**Assigned task**
The records that follow need to be output exactly as they are.

Records from a collection

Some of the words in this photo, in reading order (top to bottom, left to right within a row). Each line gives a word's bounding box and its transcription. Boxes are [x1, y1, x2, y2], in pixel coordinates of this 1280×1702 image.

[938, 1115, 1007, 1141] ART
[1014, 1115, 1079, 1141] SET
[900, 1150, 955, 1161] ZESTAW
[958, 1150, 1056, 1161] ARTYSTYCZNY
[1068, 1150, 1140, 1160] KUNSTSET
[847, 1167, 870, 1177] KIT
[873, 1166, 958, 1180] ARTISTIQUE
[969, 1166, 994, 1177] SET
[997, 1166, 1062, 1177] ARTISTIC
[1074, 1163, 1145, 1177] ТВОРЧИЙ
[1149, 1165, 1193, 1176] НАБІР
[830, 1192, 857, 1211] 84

**Solution**
Some of the words in this photo, in reading order (top to bottom, left to right within a row). Each line gives a word's bounding box and its transcription. Boxes are [x1, y1, x2, y2], in pixel coordinates of this 1280×1702 image.

[938, 1115, 1007, 1141] ART
[1014, 1115, 1079, 1141] SET
[900, 1150, 955, 1161] ZESTAW
[958, 1150, 1056, 1161] ARTYSTYCZNY
[1068, 1150, 1140, 1160] KUNSTSET
[847, 1167, 870, 1177] KIT
[873, 1166, 958, 1180] ARTISTIQUE
[969, 1166, 994, 1177] SET
[997, 1166, 1062, 1177] ARTISTIC
[1074, 1163, 1145, 1177] ТВОРЧИЙ
[1149, 1165, 1193, 1176] НАБІР
[830, 1192, 857, 1211] 84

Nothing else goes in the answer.